Remote-controlled research catamaran finds subtleties
During the voyage of the research vessel FALKOR of the US Schmidt Ocean Institute in October and November 2016, the remote-controlled catamaran "Sea Surface Scanner" (S³) of Wurl's team was used to investigate the surface film in the Timor Sea north of Australia and in the western Pacific. Among other things, it was used to record changes in the salinity of the surface film and the underlying water layer in long-term measurement series. For this purpose, S³ is equipped with six parallel rotating, semi-submerged glass discs. Due to the surface tension, the wafer-thin boundary layer sticks to the glass discs, is wiped off by rubber lips and guided past the sensors. During its deployment, S³ also collected water samples from a depth of one metre, whose temperature and conductivity, and therefore salinity, were automatically determined. The catamaran also recorded meteorological data at a height of three metres. The FALKOR also recorded corresponding data at a height of eleven metres and infrared radiometers on board also measured the temperature of the surface film. The scientists used the meteorological data to mathematically determine the evaporation rates.

Important surface layer
The upper layer of the oceans, which extends to a depth of around five metres, plays an important role in the exchange of heat, particles and climate-relevant gases. Nevertheless, it has been largely ignored in studies to date: measurements directly from the research vessel are difficult as the hull and propulsion mix the water layers. Under calm conditions, a film less than a millimetre thick forms at the boundary of the surface layer between the air and the sea surface, which plays a key role in the exchange with the atmosphere. It has been known for some time that this film is often tenths of a degree cooler than the well-mixed water masses directly below it. In addition, several attempts have been made to describe its salinity in models. Both salinity and temperature regulate the density and thus the continued existence of the film.
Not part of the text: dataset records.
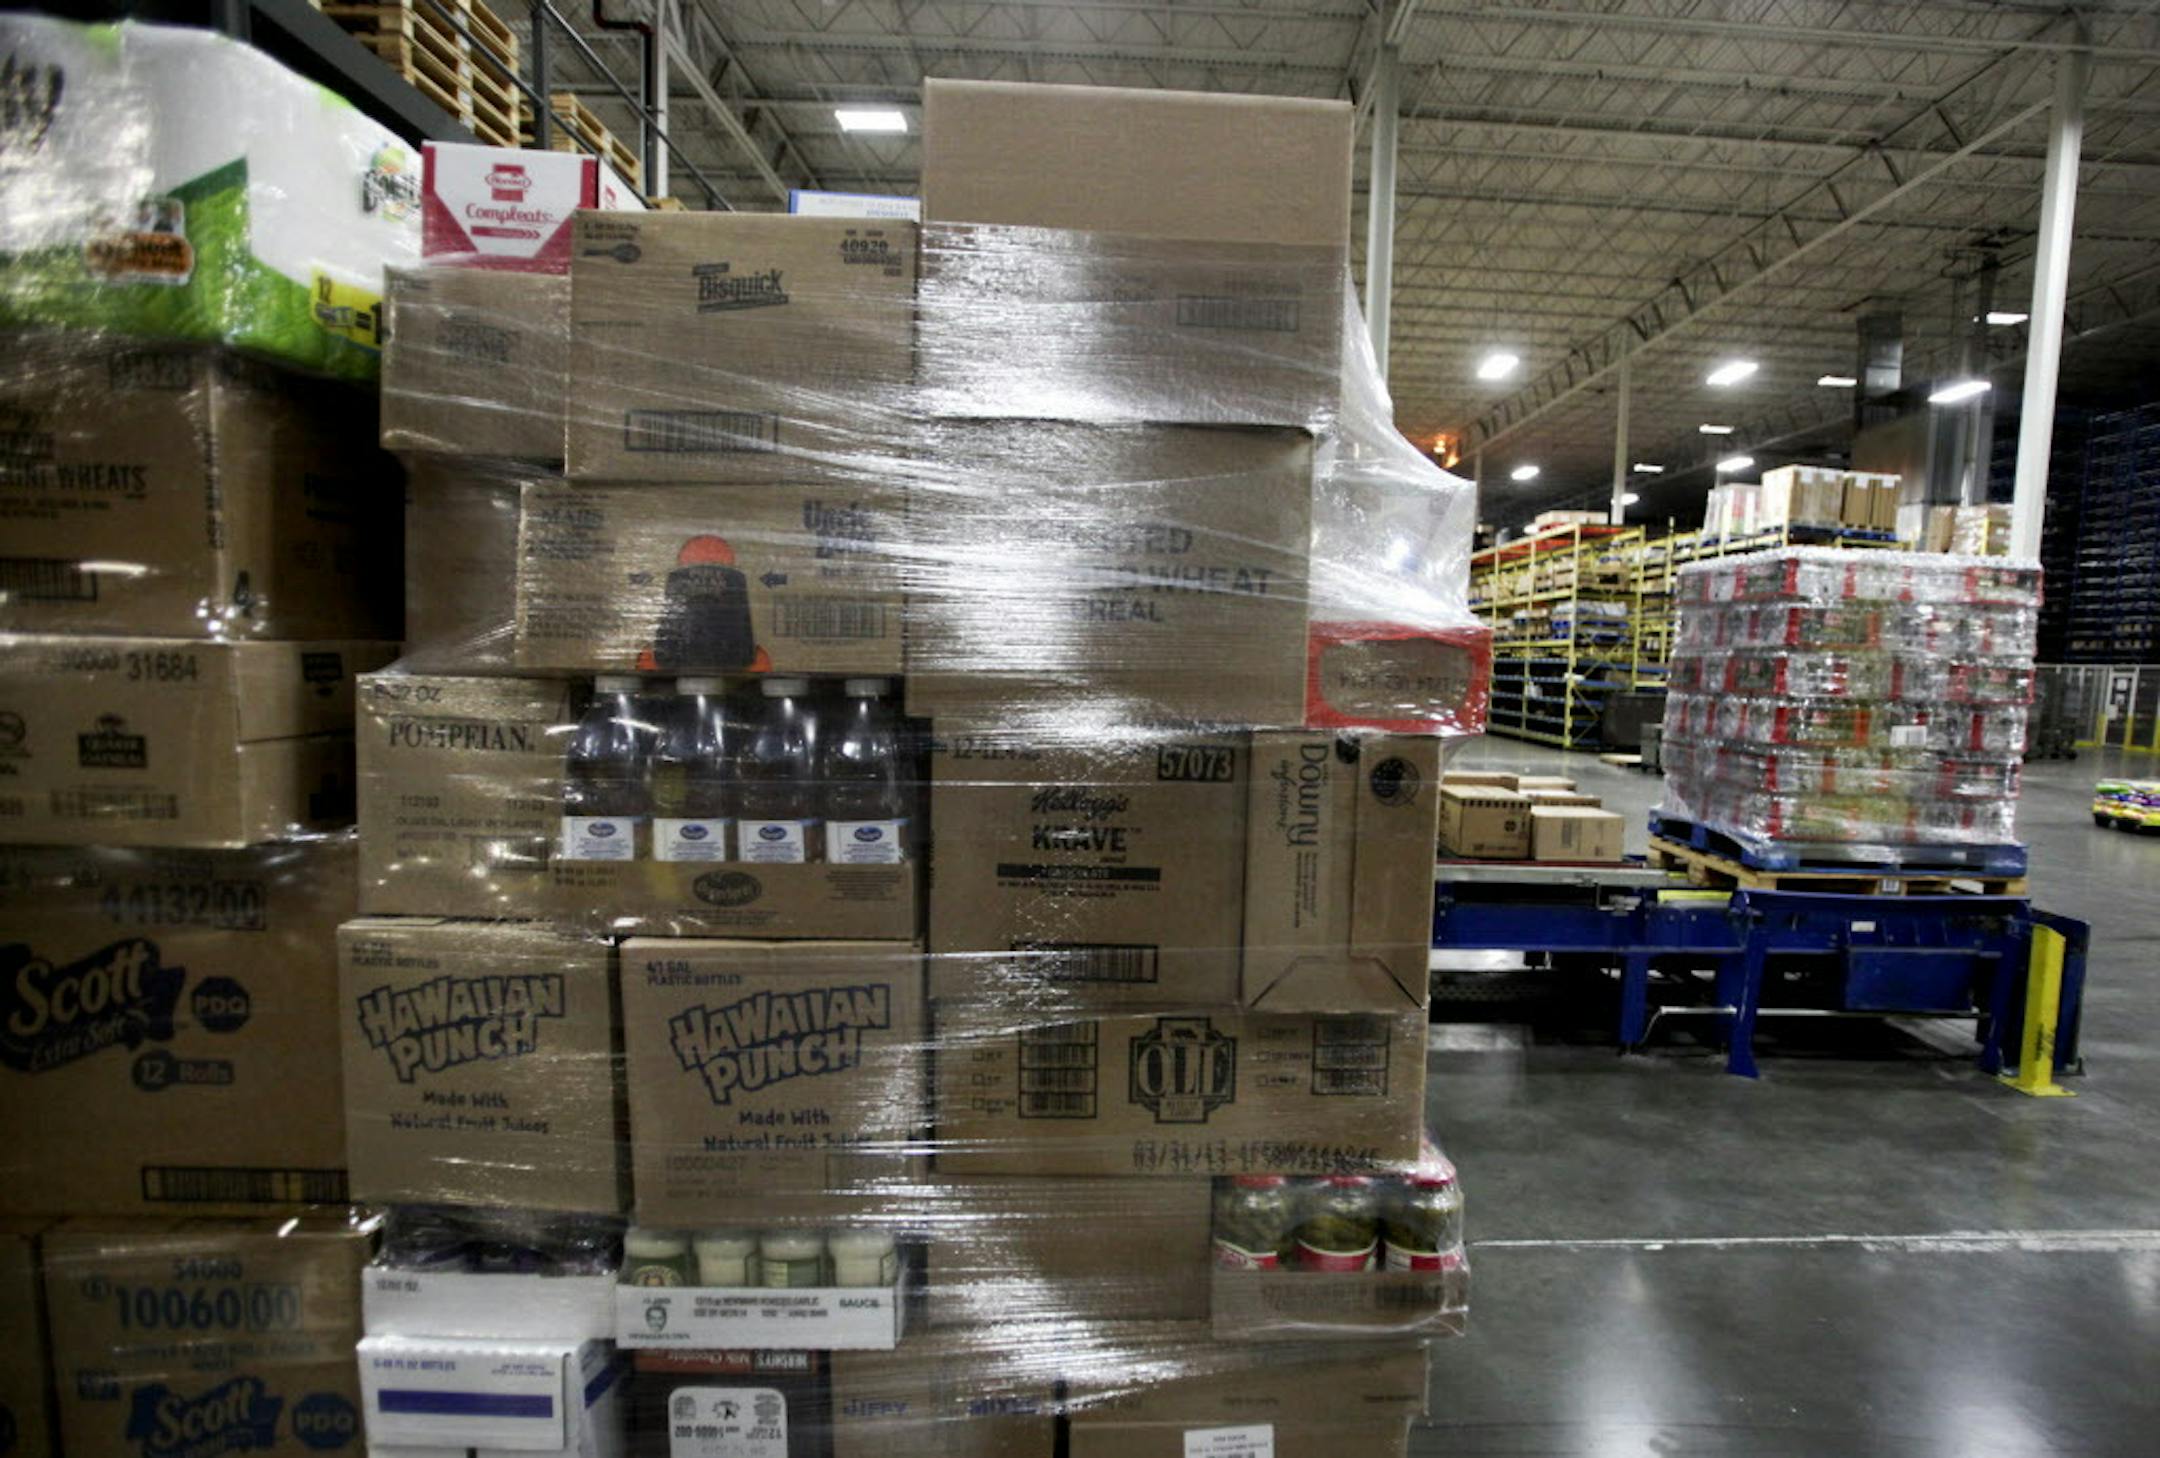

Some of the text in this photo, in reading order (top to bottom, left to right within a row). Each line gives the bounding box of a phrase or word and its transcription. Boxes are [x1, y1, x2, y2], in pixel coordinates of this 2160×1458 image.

[699, 268, 784, 302] Bisquick
[56, 463, 148, 491] WHEATS
[1160, 747, 1232, 779] 57073
[1286, 743, 1329, 846] Downy
[1032, 825, 1128, 852] KRAVE
[8, 941, 150, 1036] Scott
[358, 973, 565, 1049] HAWAIIAN
[668, 984, 890, 1071] HAWAIIAN
[386, 1014, 538, 1083] PUNCH
[142, 1062, 164, 1084] 12
[702, 1029, 861, 1104] PUNCH
[423, 1091, 464, 1107] Made
[391, 1114, 450, 1130] Natural
[740, 1110, 785, 1126] Made
[704, 1133, 769, 1151] Natural
[775, 1134, 816, 1149] Fruit
[113, 1287, 241, 1331] 10060
[152, 1385, 254, 1449] Scott
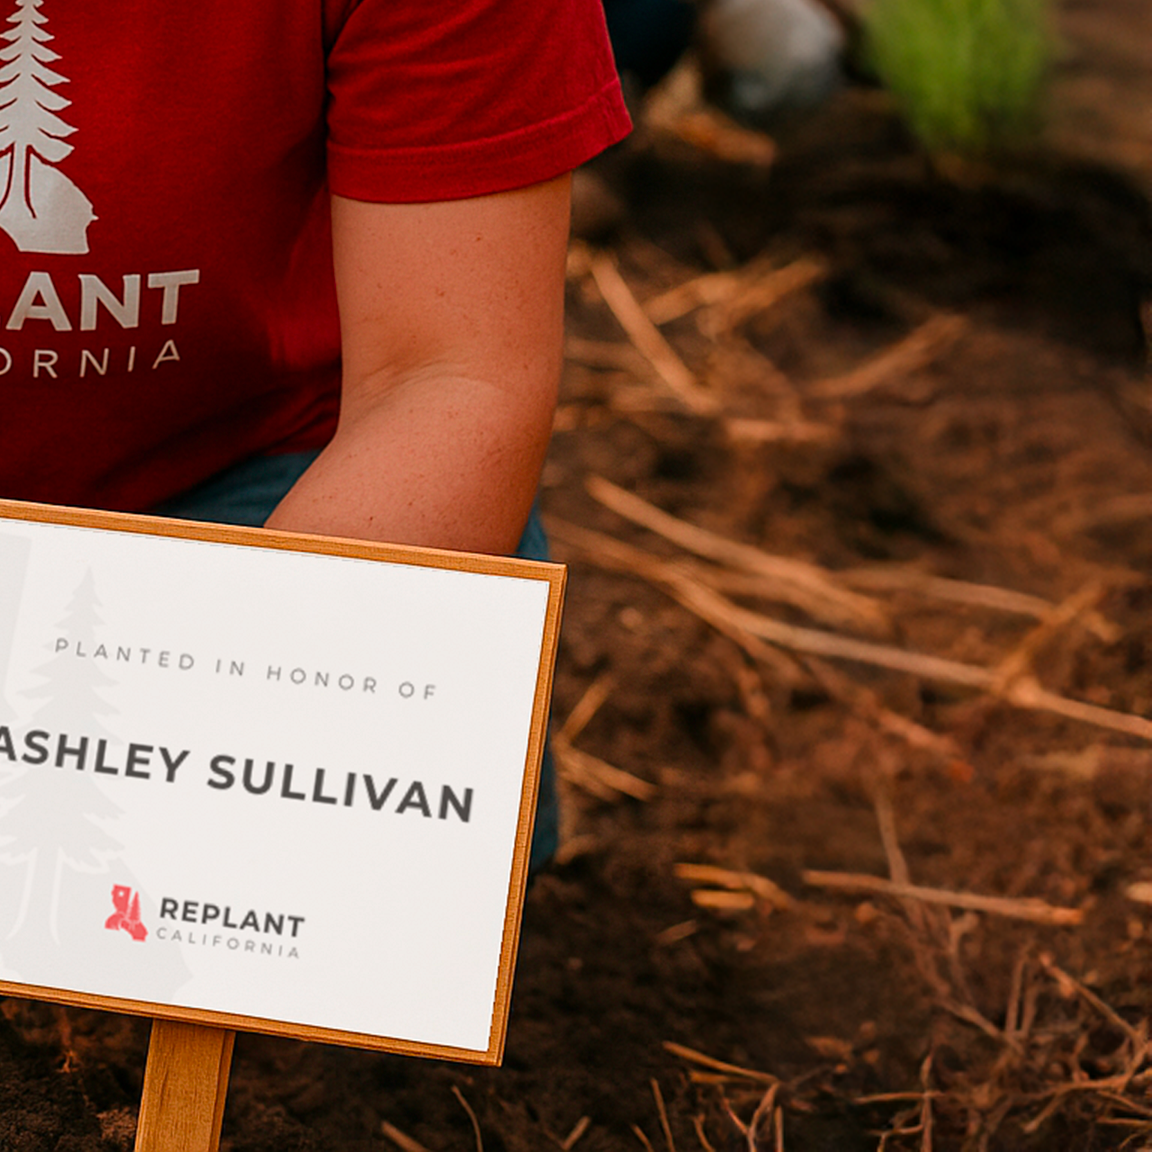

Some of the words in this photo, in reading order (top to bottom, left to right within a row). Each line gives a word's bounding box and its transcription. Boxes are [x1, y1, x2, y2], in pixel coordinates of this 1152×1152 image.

[54, 637, 195, 671] PLANTED
[214, 658, 245, 677] IN
[266, 665, 377, 694] HONOR
[398, 681, 437, 701] OF
[205, 753, 475, 824] SULLIVAN
[155, 926, 300, 960] CALIFORNIA
[159, 896, 306, 939] REPLANT
They are therefore important influencing variables for the exchange between the ocean and the atmosphere and thus ultimately for the water balance and climate on a global scale.

Mostly cooler and saltier film almost everywhere
The current study confirms the ubiquitous distribution of a surface film in the Indo-Pacific. In 83 per cent of the measurements, this film was saltier and in three quarters of the observations it was on average almost 0.2 degrees cooler compared to the measurements at a water depth of one metre. This is despite the fact that precipitation in the region brings more freshwater into the sea than is lost through evaporation. During two tropical rainstorms, the scientists observed that the wind mixed in saltier water in the upper layer to a depth of one metre below. However, the water in the surface film evaporated so quickly due to the strong air movement during the storms that the salt content increased even during the rain. The evaporation rate was twice as high as the dilution by rainwater. On days with little rain and moderate winds, the surface film became temporarily cloudy due to the lack of mixing. After the rain front had passed, however, its salt content increased again. "Our measurements showed that a dense surface film can float on less dense surface water up to a certain threshold," says Wurl, whose work was funded by the European Research Council (ERC). According to the scientists, a sufficient interfacial tension presumably ensures this. It is also what significantly influences the renewal rates of the surface membrane and thus the exchange. A density cycle of the surface film was observed at measuring stations without rain: Within minutes, the density increased due to evaporation until the interfacial tension was no longer sufficient to separate the film from the underlying water: It collapsed, and the underlying water with a lower density forced its way to the surface to equalise the volume. Within a very short time, the density rose again due to evaporation and the cycle started all over again.

More research technology for a deeper understanding
"In general, the renewal of the surface film is a complex process. Ultimately, we need a mechanistic understanding of where the water that enters the ocean via rainfall remains in order to gain a more complete picture of the changing oceanic water cycle due to climate change," says Wurl. After all, 80 per cent of precipitation and evaporation takes place above the oceans. According to the researchers, this requires autonomous research technology on a larger scale, such as drifting buoys or the catamaran used by Wurl.

Original publication
O. Wurl, W. M. Landing; N. I. Hamizah Mustaffa; M. Ribas-Ribas; C. Riggs Witte; C. J. Zappa (2018) The Ocean's Skin Layer in the Tropics. JGR Oceans, Early View.
doi.org/10.1029/2018JC014021